Sighing, she releases the plug and stands up straight.  Josh buries his face in his knees, shaking slightly.  Tyler nervously chews on the inside of his cheek as he brings his computer out of his backpack.  He squeezes Josh’s ankle secretly, opening up his computer for Jenna and Ash to look over diagnostics. 

“You’re okay,” he whispers. 

Ash hears Tyler, but just glances up for a second with a quirked eyebrow and a slight smirk.  He shakes it off as soon as he sees it. 

“Well,” says Jenna, “we can try to reprogramming the plug, make it think it’s E-grade.  But it comes with repercussions since the plugs aren’t showing up as any grade.”

“What repercussions?”

“He could lose movement in his left arm and left leg.  Programming something like this could fry the metal.”

“What if we actually remove the plug and reprogram that rather than the software?” Ash says.  “It eliminates the risk of frying the metal.”

“But it’s connected to a spinal cord.  Ripping it out would kill him.”

“Hayley should be here soon.  She’s good with shit like this.  We’ll get him prepared in the meantime.”

Tyler knows they’re not doctors, and they can’t treat this just like any other AI, but they only know stuff for robots. 

Jenna and Ash scurry out of the room, Ash winking at Tyler as she passes.  He scrunches his nose in response.  A wash of nausea flows over him, but he sees how hard Josh is shaking now is more important than some stupid gesture Ash sent him.

“Hey, Josh?”

He weakly lifts his head from his hiding spot in his knees. 

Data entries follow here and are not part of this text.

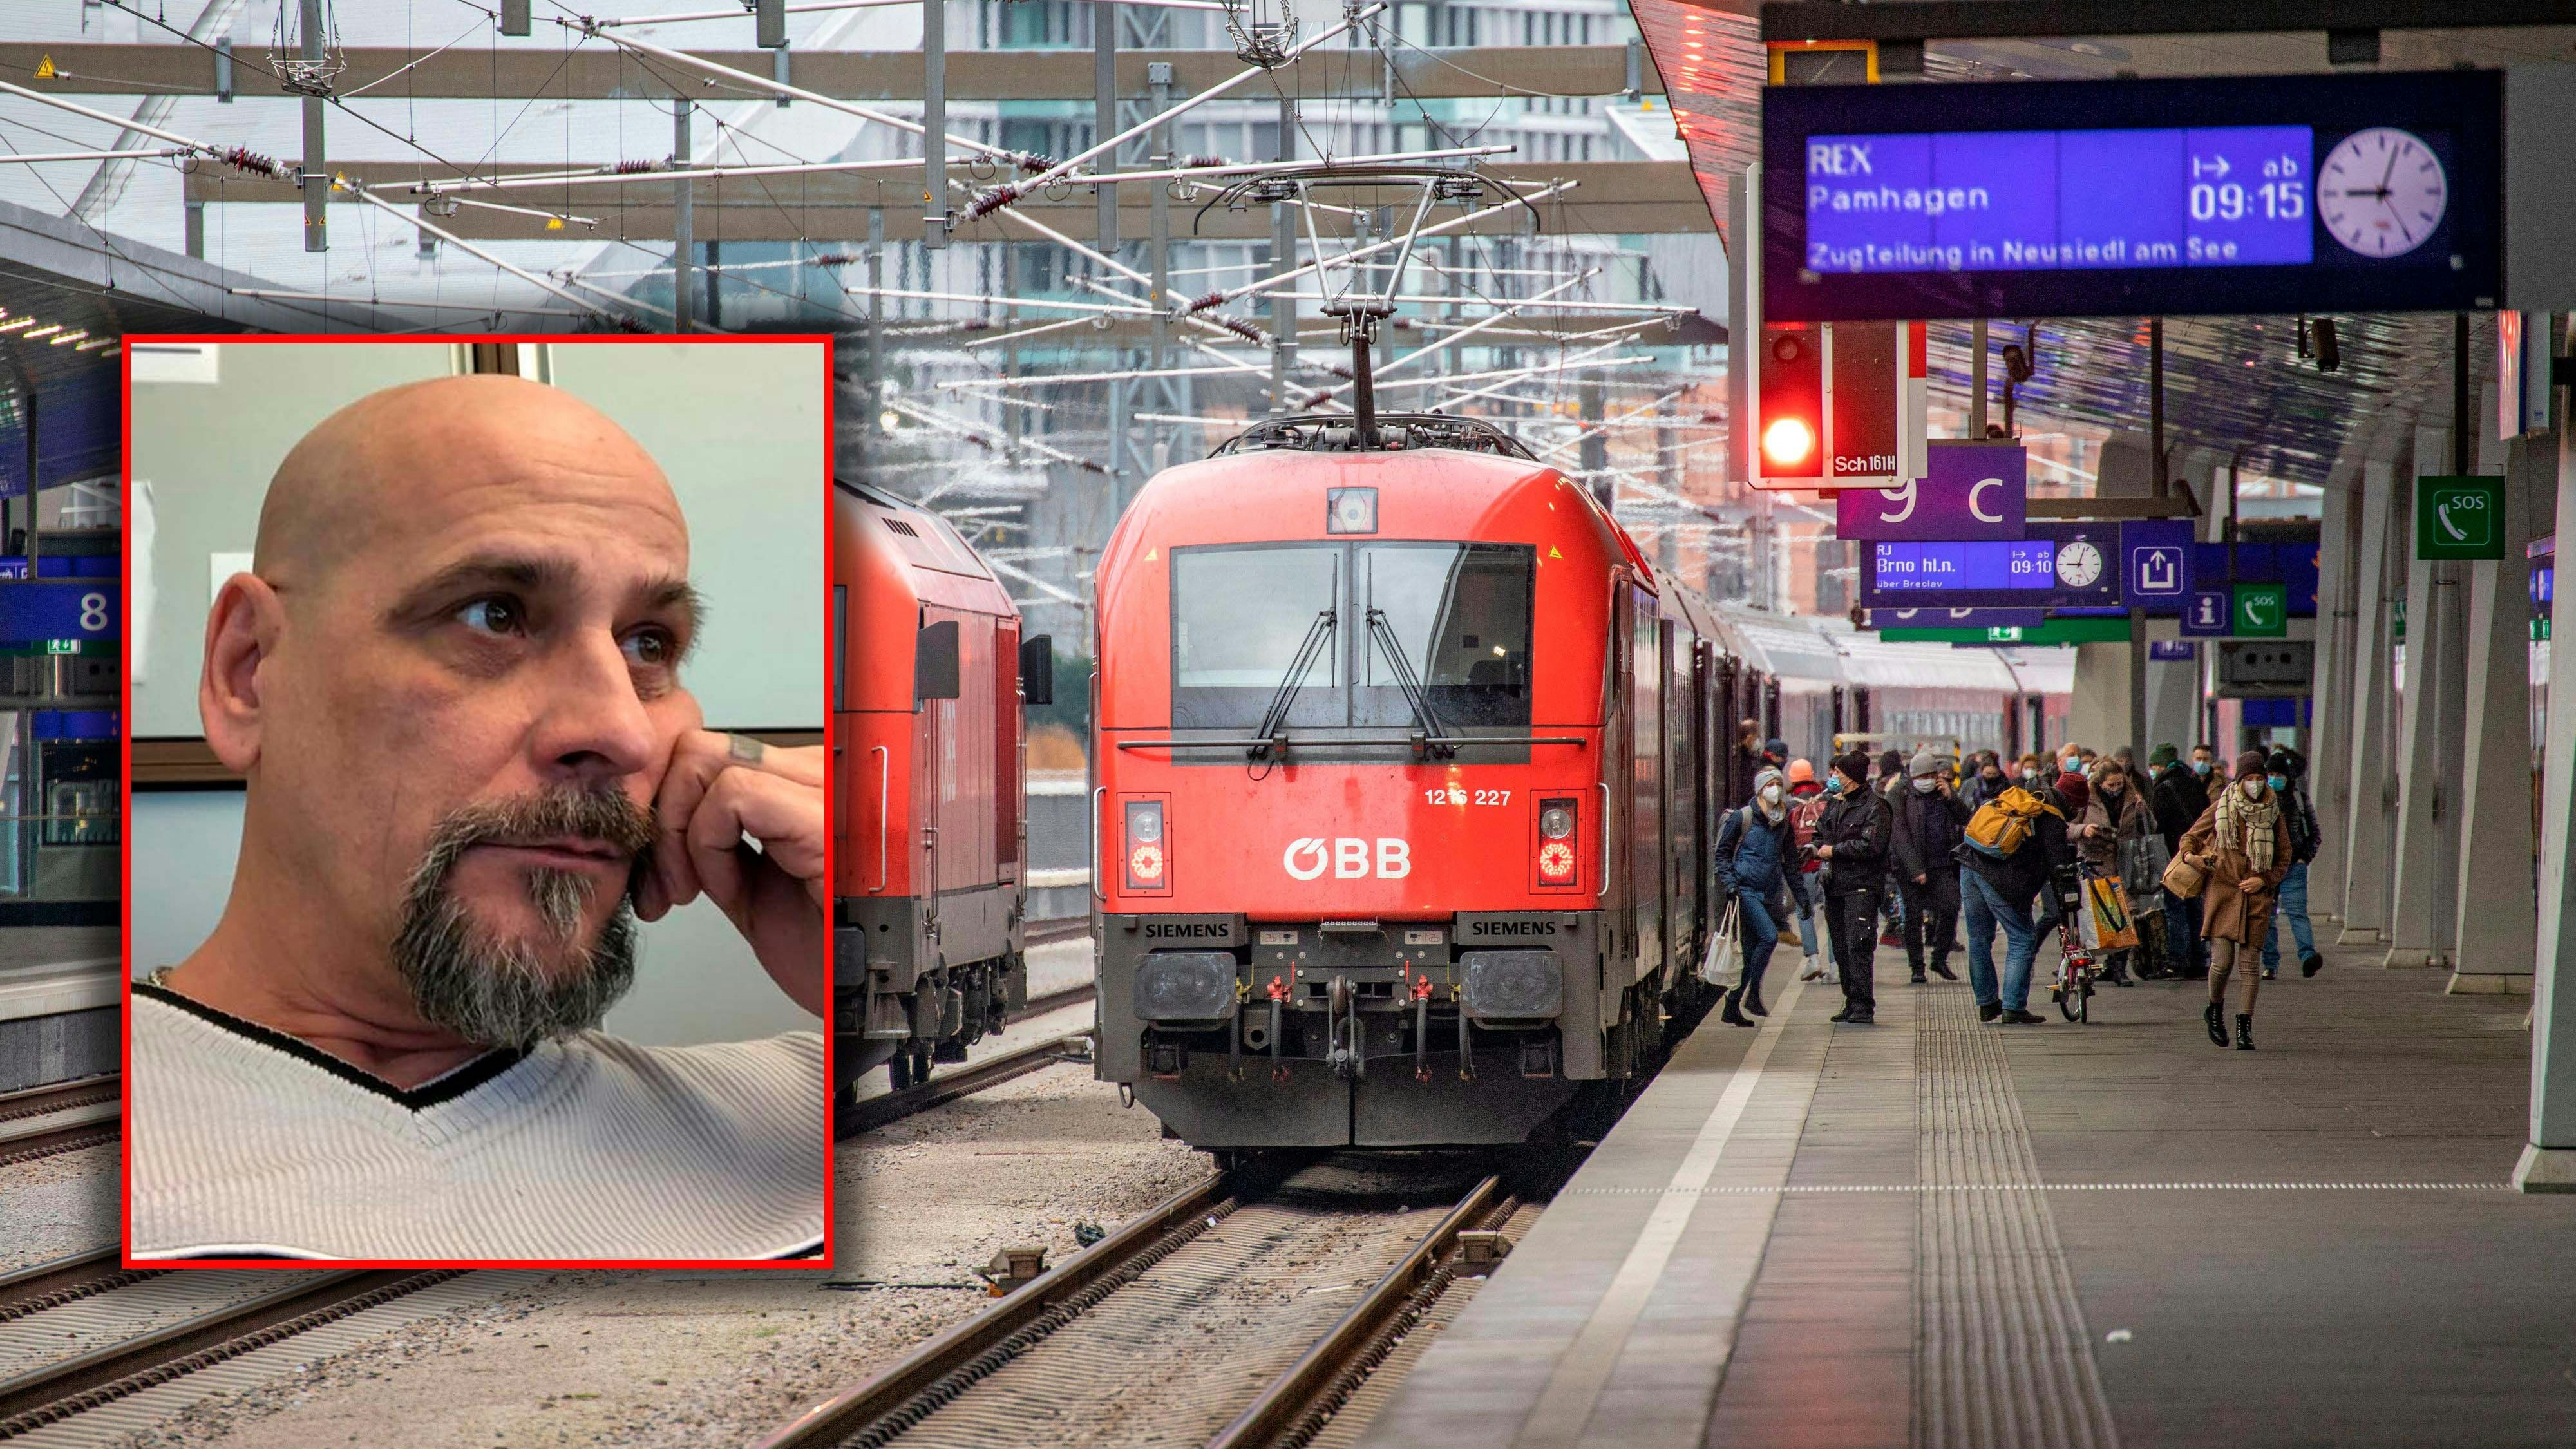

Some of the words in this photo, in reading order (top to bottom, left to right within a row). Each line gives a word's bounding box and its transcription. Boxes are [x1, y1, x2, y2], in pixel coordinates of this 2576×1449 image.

[1808, 144, 1872, 176] REX
[2263, 153, 2297, 177] ab
[1809, 183, 1989, 216] Pamhagen
[2191, 182, 2304, 220] 09:15
[1809, 242, 1959, 271] Zugteilung
[1971, 241, 1994, 265] in
[2003, 238, 2125, 263] Neusiedl
[2134, 241, 2178, 261] am
[2188, 236, 2238, 259] See
[1879, 478, 1917, 523] 9
[2452, 496, 2484, 509] SOS
[1877, 544, 1892, 556] RJ
[2037, 550, 2050, 558] ab
[1877, 558, 1915, 573] Brno
[1922, 558, 1956, 573] hl.n.
[2011, 560, 2052, 573] 09:10
[2254, 596, 2275, 606] SOS
[80, 592, 108, 631] 8
[1425, 789, 1468, 805] 1216
[1475, 790, 1511, 806] 227
[1283, 838, 1411, 881] ÖBB
[1146, 923, 1229, 938] SIEMENS
[1472, 921, 1556, 935] SIEMENS

“You know we’re gonna take care of you, right?”

Josh bites at his bottom lip, shaking his head.  “I-I’m scared.”

Tyler squeezes his shoulder.  “I know, but we’re gonna figure everything out.”

“Wh-what if—”

“Nope.  Don’t even think about any of that.”

He swallows, fingers tightening around the sweatpants Tyler borrowed to him.  “I can’t.”

“You can.  I know you can.”

Josh opens his mouth to say something else, probably refute what Tyler just said, but Jenna and Ash come rolling back in with a cart full of equipment.  Ash starts throwing out orders, starting with Josh to remove his shirt and pants.  A blush as bright as fire spreads across his face, but he wriggles out of the clothes with his head ducked and hands the ball of cloth over to Tyler.  Jenna runs a finger over the metal and skin seam.  Her lips press tightly and form a line, but she doesn’t look concerned. 

“This is really good,” she says.  “Like, the best I’ve ever seen.  Usually they have some kind of overlap, but these are awesome.”

“Okay, stop droolin’ over them,” Ash grins.  “We got a job to do.”

Jenna snickers as she powers on the desktop computer and hands Tyler some HDMI cables to plug into the power source.  Ash brings in some pulse monitors, too, and sticks one to the inside of Josh’s left wrist. 

“Hopefully that won’t electrocute you,” she chuckles, smiling wide at Josh despite his shocked expression. 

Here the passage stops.